2014 saw a surge in feminist debate, controversies and campaigns. In almost every cultural and political arena, feminism has been brought to the forefront of discussion. With statistics on the wage gap revealing continued inequality, underrepresentation of women in politics, and cases of sexual harassment on the rise, feminism is a concept that will not and should not be ignored. Over the past year it has been fascinating to see the varying angles taken by each of the high profile campaigns and campaigners and it was an almost impossible decision to pick a top three. But, you can’t have a ‘best of’ list without some winners, so below are what, I feel, were the most significant feminist campaigns of 2014.
1) Ban Bossy
Ban Bossy was a campaign aimed at combating the disparity in treatment of assertive girls, who are criticized, to that of assertive boys, who are praised. It sought to give girls a sense of empowerment and confidence from a young age by symbolically banning the word ‘bossy’ – a term often used to silence and embarrass confident girls. By encouraging leadership in young girls, promoting the idea that they too can have powerful and influential careers, a glass-ceiling society may see signs of cracking. It promoted the celebration of women’s potential instead of seeing any display of assertion as unfeminine or unnatural.
Criticism has been leveled at Beyoncé, one of the campaigns highest profile advocates however, with some labelling her feminist ‘lite’. Whilst it’s tempting to jump on this bandwagon, seeing her statements as relatively shallow, there is no disputing the impact she has had on championing women’s rights, dispelling the most common misconceptions about feminism (that it is anti-man), and acting as a role model for young girls. Her recent hit ‘flawless’ included a quote from writer Chimamanda Ngozi Adichie defining feminism as the belief in social, political and economic equality between the sexes. For me, this was a pivotal moment in reconfiguring mainstream feminist discourse.
The HeForShe campaign was almost impossible to ignore, spearheaded as it was by one of Hogwarts’ most famous graduates. Emma Watson may not have been saying anything new, but that doesn’t mean she didn’t do something important. In her speech to the UN, Watson managed to stress what for the most part I have found frustratingly lacking in conversations about feminism: the necessary positive involvement of men.

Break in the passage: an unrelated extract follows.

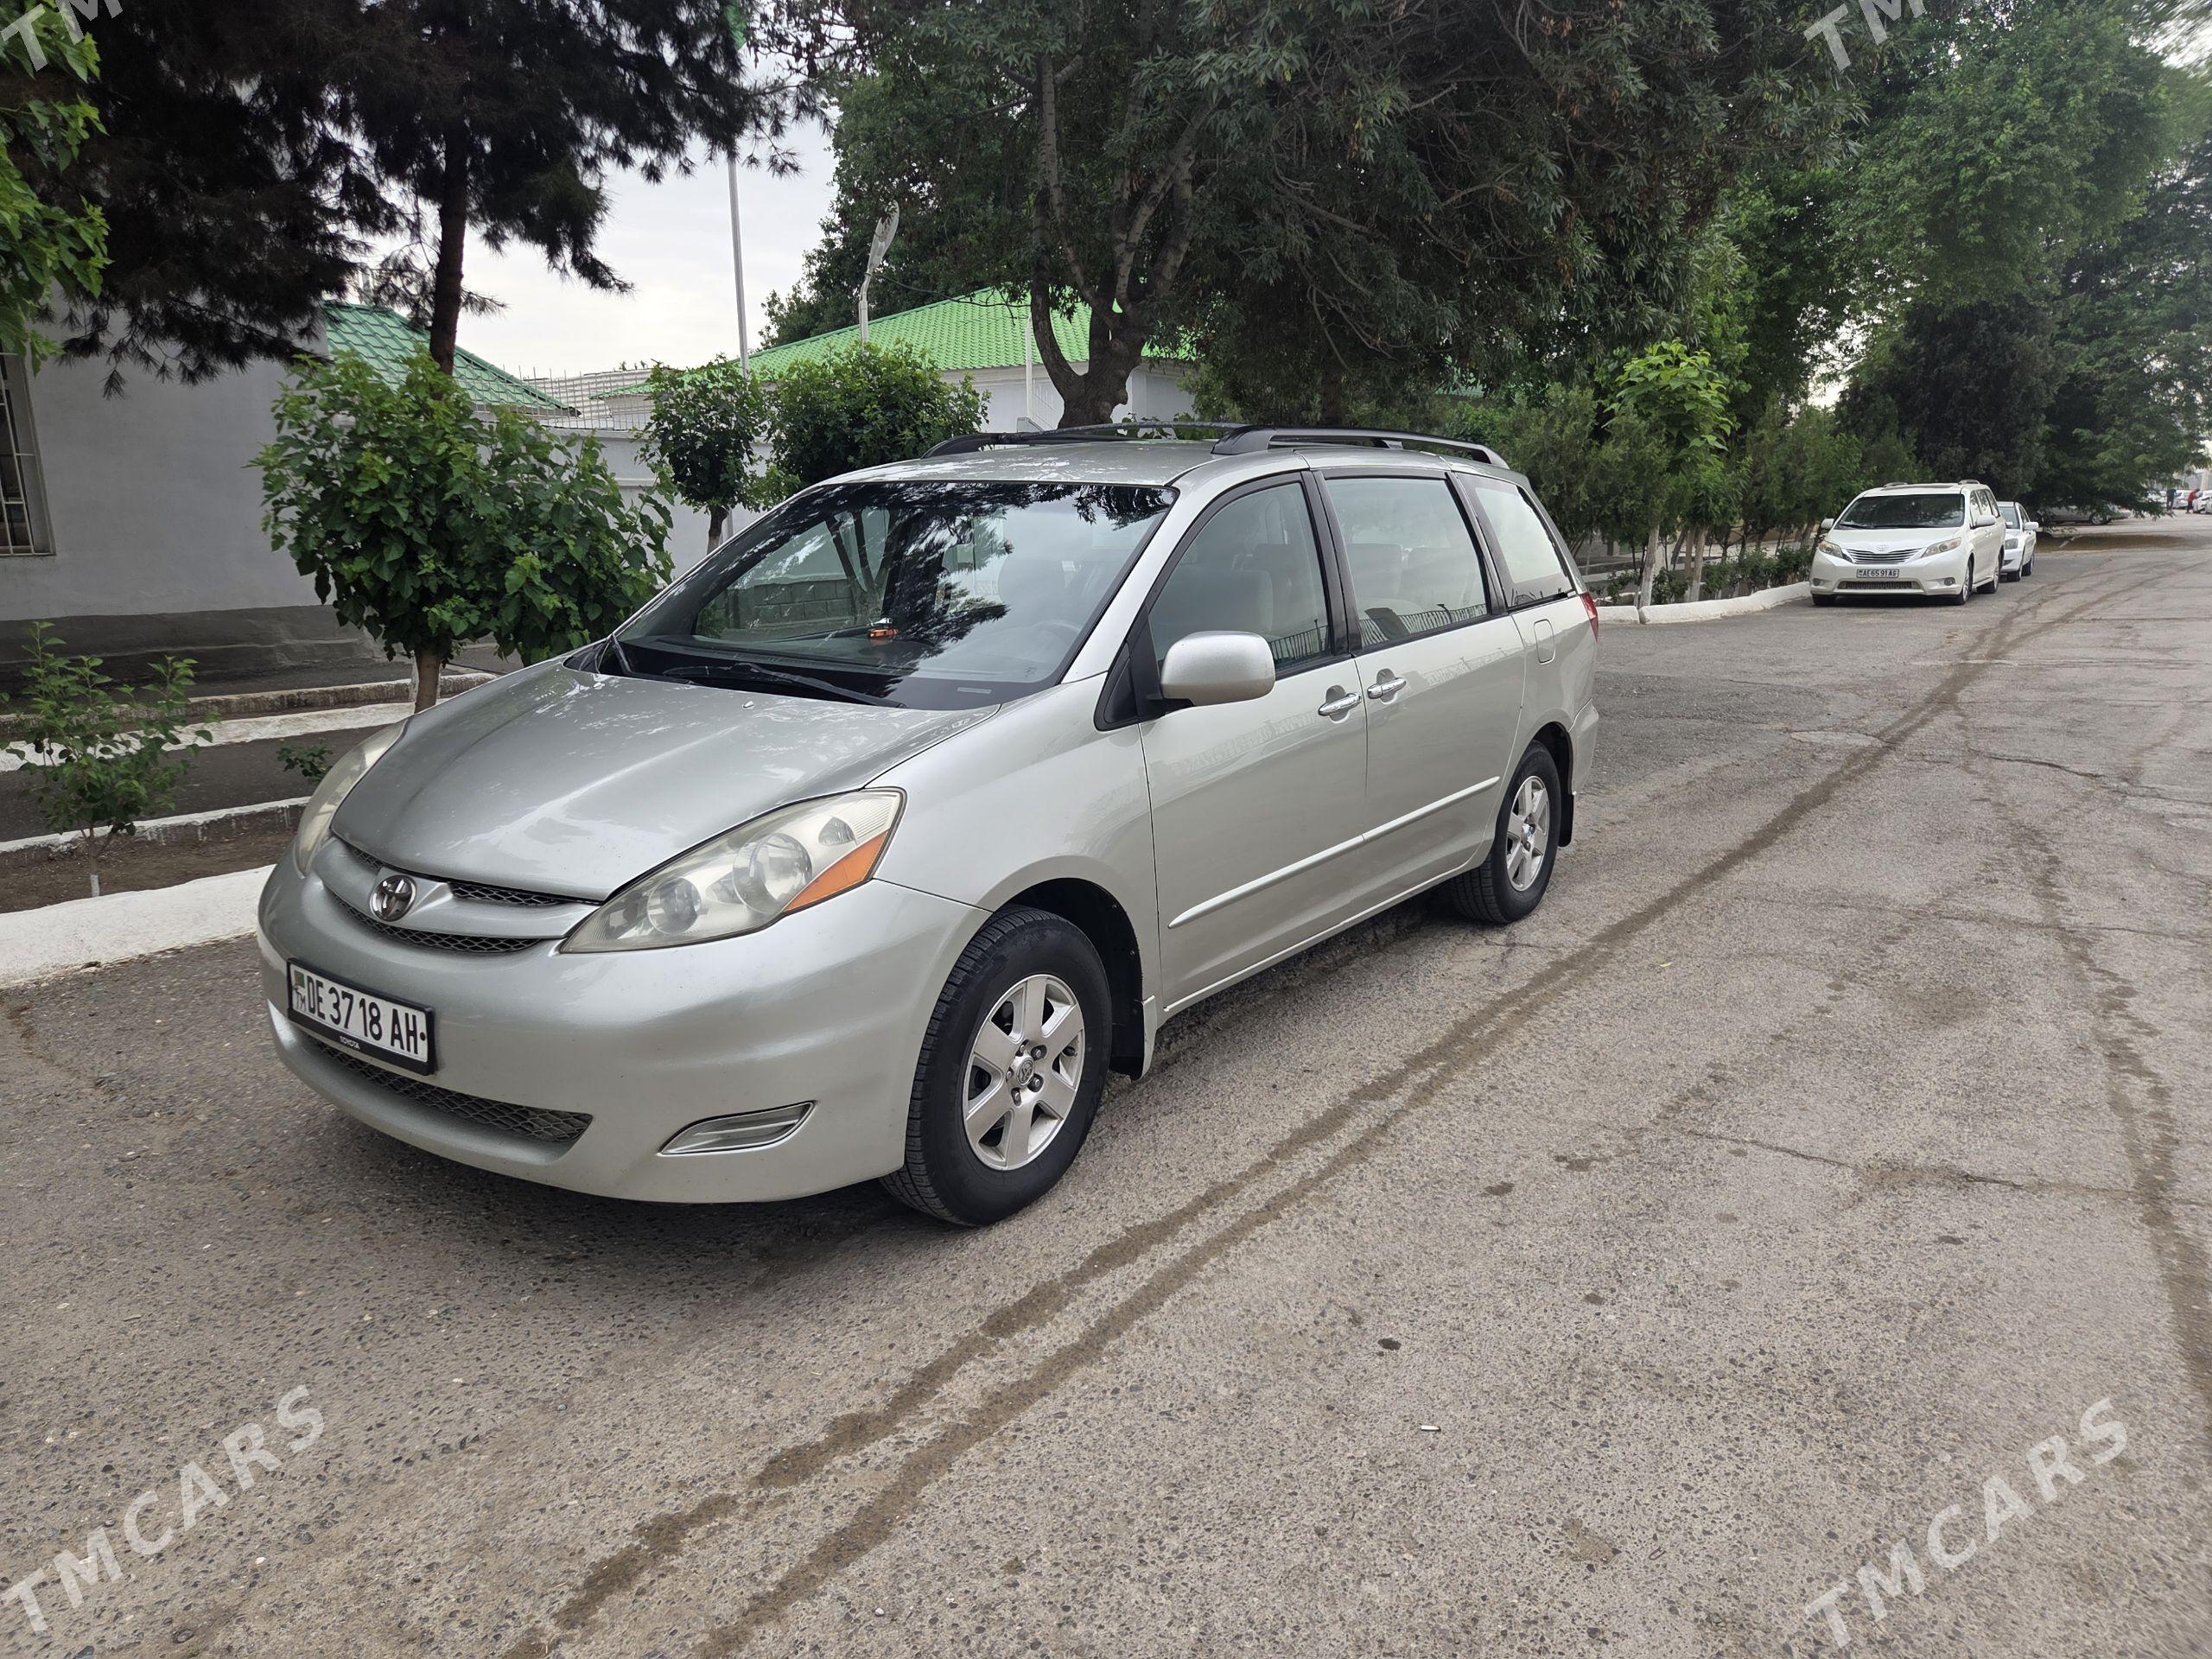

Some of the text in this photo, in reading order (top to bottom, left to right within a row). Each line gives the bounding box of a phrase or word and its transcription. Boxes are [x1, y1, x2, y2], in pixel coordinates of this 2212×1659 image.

[307, 975, 326, 1020] DE
[390, 1007, 418, 1055] AH
[339, 1035, 360, 1050] TOYOTA

Several things were made wonderfully clear. One, that feminism is about equal rights, something any intellectual, thoughtful and rational man I know would say they believed in without a moment’s hesitation. Two, that to achieve this equality you need to have the support of men. And finally to once again reiterate that feminism is not man-hating. It is critical that we address the way men think of gender roles and challenge the traditional expectations of gender when discussing the progression of feminism.
3) Porn Campaign
The most recent of the campaigns on this list is the protest held at the end of 2014 against the introduction of legislation limiting what can and can’t be included in UK-made pornography. Although many people might simply laugh this off as a slightly embarrassing, terribly amusing and an ultimately trivial protest, its message was extremely significant.

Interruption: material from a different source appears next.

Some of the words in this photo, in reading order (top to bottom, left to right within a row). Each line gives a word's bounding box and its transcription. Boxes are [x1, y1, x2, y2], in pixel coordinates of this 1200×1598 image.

Quite simply, it was a move that equated to saying that female sexuality was more dangerous or something deemed more ‘wrong’ than men’s. That inequality between men and women has now extended to sexual conduct, and that law has enshrined this, is simply wrong and demonstrates the ongoing need for work to be done to ensure equal rights between the sexes. The campaign’s success was clear in the almost unanimous and rapid responses from industry heads, journalists, commentators and the general public in their acknowledgement of the ludicrousness of this legislation.
- Potty Mouth Princesses
A highly successful viral campaign, it was marred by revelations that it was not (as it seemed to be) for a charity, but a for-profit organisation.
- Jo Swinson MP and Duncan Hames MP
Not a campaign as such, but it was certainly a historic moment when a baby was carried through the voting lobby of the House of Commons for the first time by Duncan Hames. With Hames’ wife, Jo Swinson also a Liberal Democrat MP and minister, it was a great example of the Lib Dems commitment to enabling parents to split maternity/paternity leave equally, and to making the job of a Politician more family-friendly – it deserved an honorable mention!
- The controversial Elle magazine ‘This Is What a Feminist Looks Like’ T-shirt debacle undoubtedly had problematic aspects, but was nevertheless encouraging in the impetus it placed on including men in the argument for feminism.